## ACTIVITY
Give back every line of the data exactly. Pictures are not part of the copy.

** GIVEN ENTRIES follows **

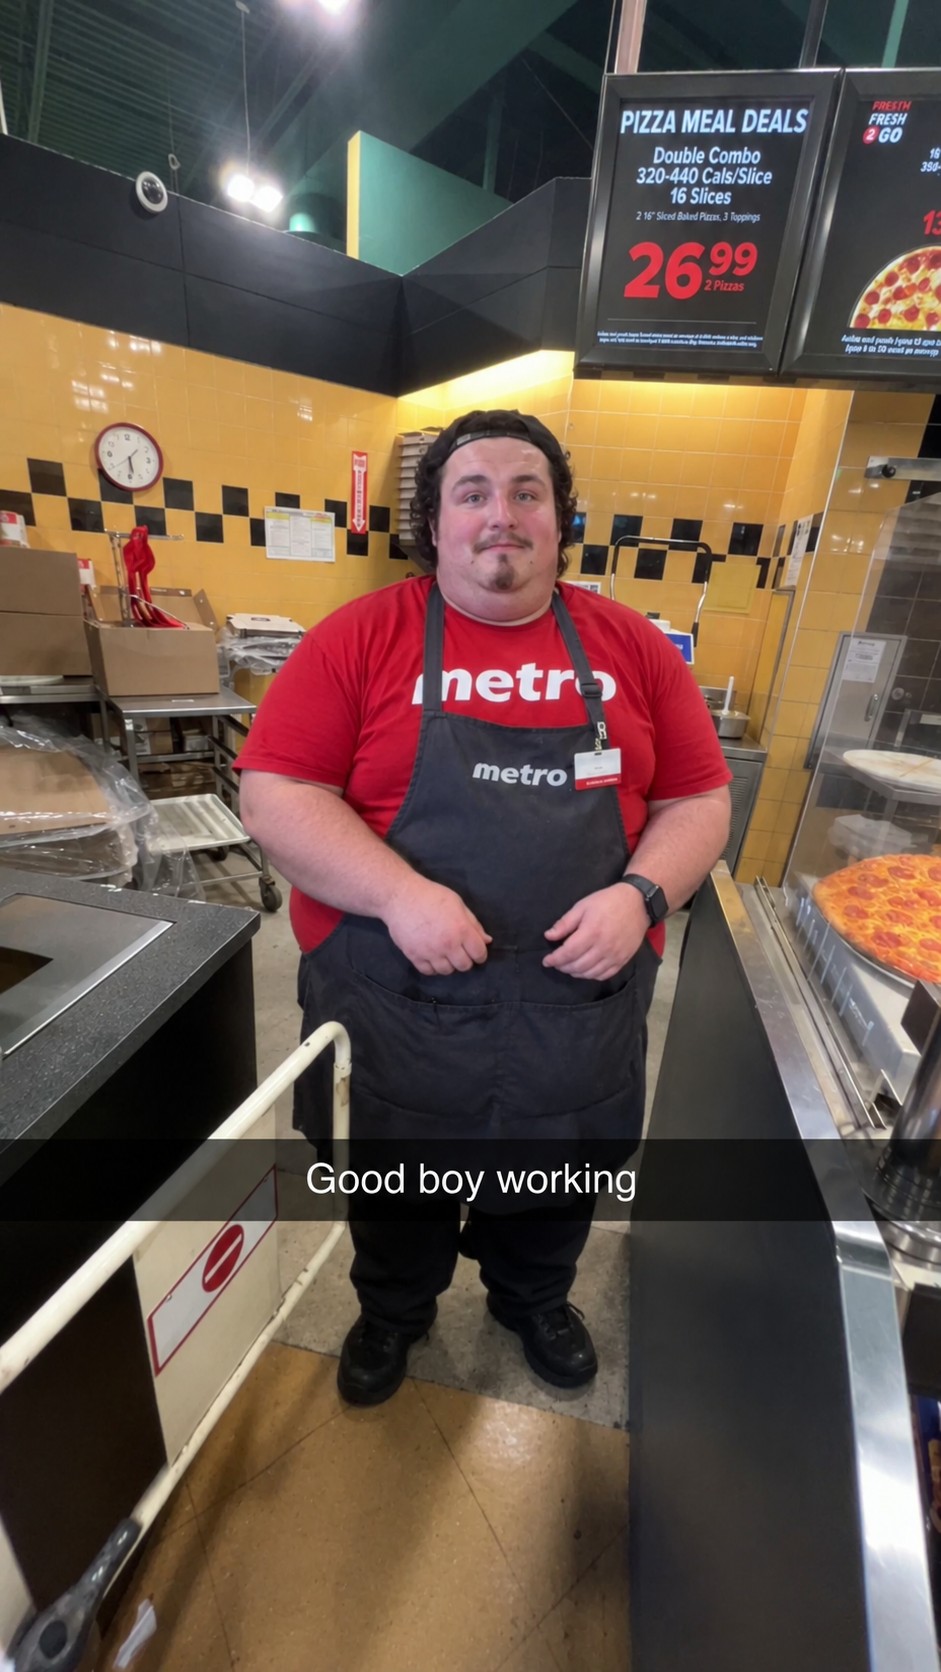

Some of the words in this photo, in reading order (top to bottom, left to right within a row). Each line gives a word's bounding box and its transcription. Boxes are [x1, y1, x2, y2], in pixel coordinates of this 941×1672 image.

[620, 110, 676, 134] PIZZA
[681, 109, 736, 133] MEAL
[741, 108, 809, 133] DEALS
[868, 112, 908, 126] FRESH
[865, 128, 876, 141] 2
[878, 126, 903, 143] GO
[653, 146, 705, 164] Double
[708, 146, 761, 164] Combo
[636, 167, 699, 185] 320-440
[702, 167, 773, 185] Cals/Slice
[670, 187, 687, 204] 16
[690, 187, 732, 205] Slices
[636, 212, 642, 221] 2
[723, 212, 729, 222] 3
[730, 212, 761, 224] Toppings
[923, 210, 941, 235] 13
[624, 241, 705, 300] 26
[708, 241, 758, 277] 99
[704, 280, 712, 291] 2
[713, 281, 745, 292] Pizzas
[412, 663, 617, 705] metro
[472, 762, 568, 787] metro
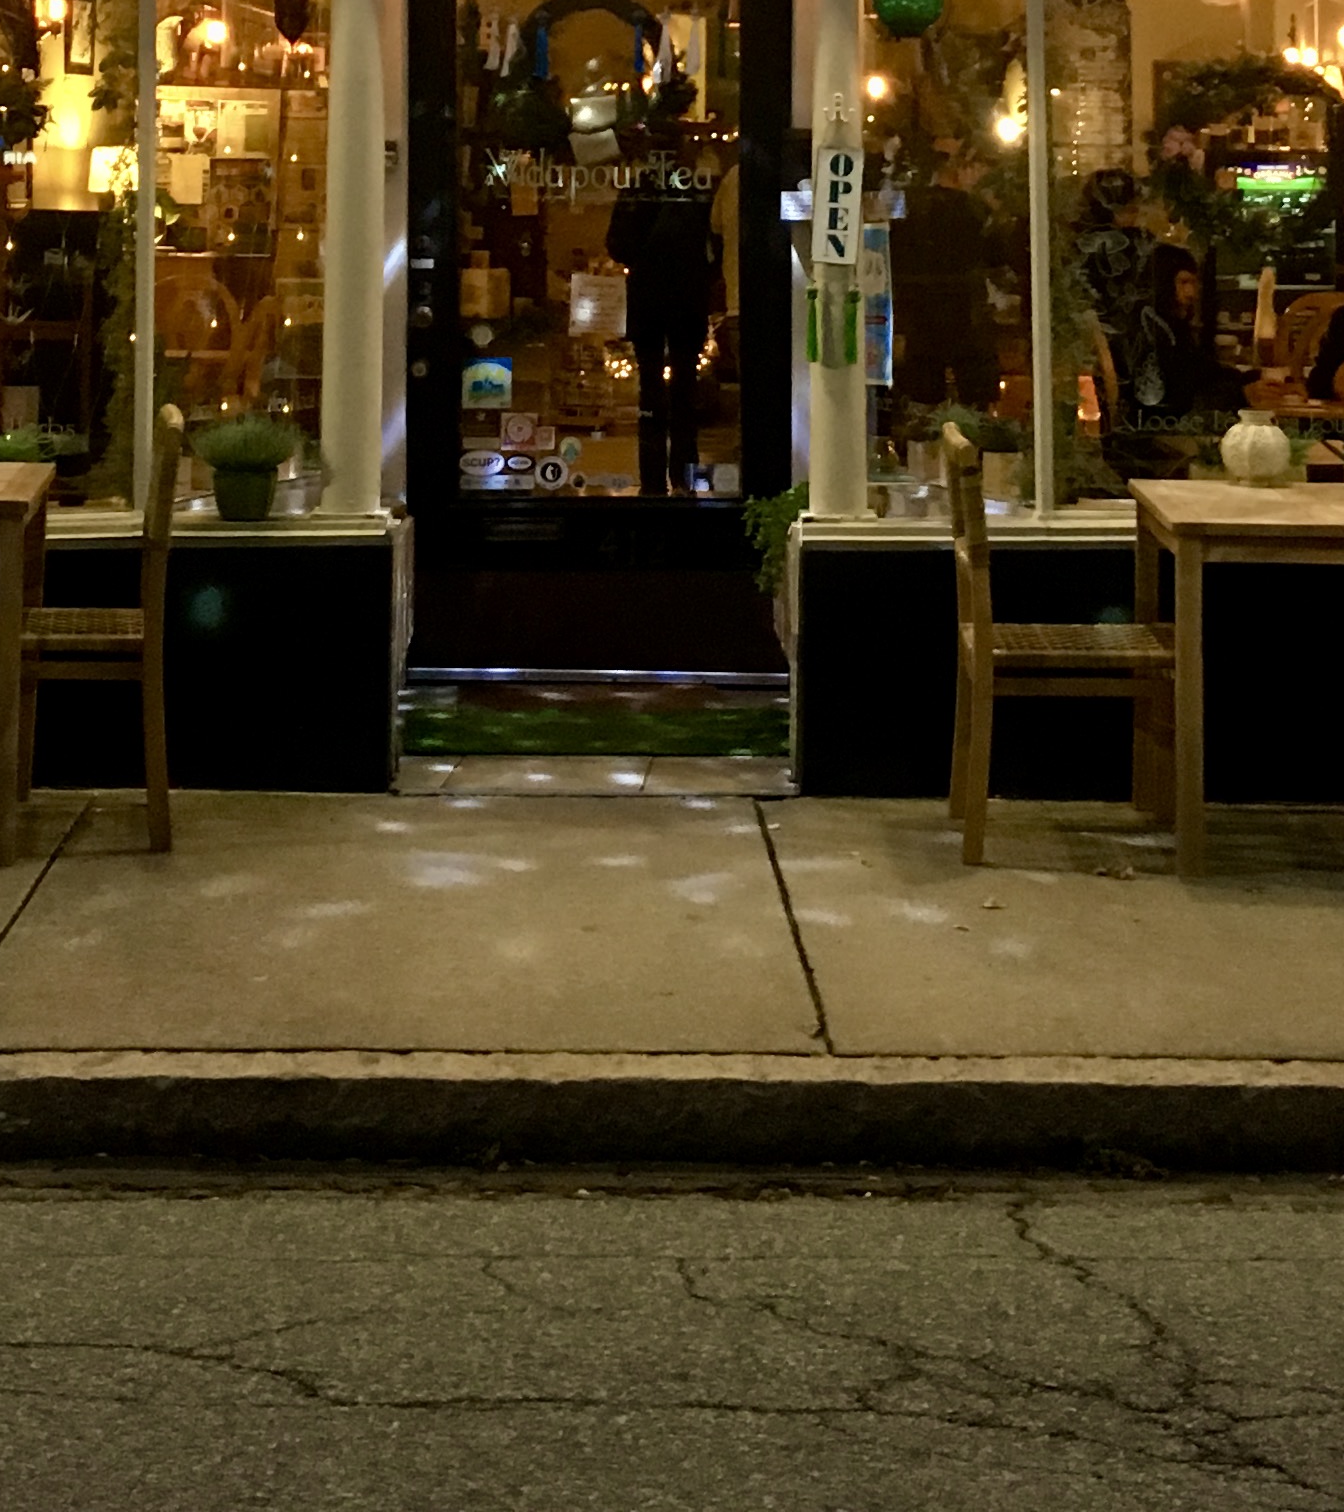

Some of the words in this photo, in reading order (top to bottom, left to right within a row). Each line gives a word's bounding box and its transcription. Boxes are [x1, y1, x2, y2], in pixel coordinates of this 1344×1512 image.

** End of GIVEN ENTRIES **

## SOLUTION FOR THIS TASK
Some of the words in this photo, in reading order (top to bottom, left to right within a row). Each line gives a word's bounding box and its transcription. Boxes are [x1, y1, x2, y2], in pixel coordinates of this 941×1672 image.

[620, 110, 676, 134] PIZZA
[681, 109, 736, 133] MEAL
[741, 108, 809, 133] DEALS
[868, 112, 908, 126] FRESH
[865, 128, 876, 141] 2
[878, 126, 903, 143] GO
[653, 146, 705, 164] Double
[708, 146, 761, 164] Combo
[636, 167, 699, 185] 320-440
[702, 167, 773, 185] Cals/Slice
[670, 187, 687, 204] 16
[690, 187, 732, 205] Slices
[636, 212, 642, 221] 2
[723, 212, 729, 222] 3
[730, 212, 761, 224] Toppings
[923, 210, 941, 235] 13
[624, 241, 705, 300] 26
[708, 241, 758, 277] 99
[704, 280, 712, 291] 2
[713, 281, 745, 292] Pizzas
[412, 663, 617, 705] metro
[472, 762, 568, 787] metro

Some of the words in this photo, in reading order (top to bottom, left to right within a row). Each line gives a word's bounding box and its transcription. Boxes are [x1, y1, x2, y2], in pixel coordinates of this 1344×1512 image.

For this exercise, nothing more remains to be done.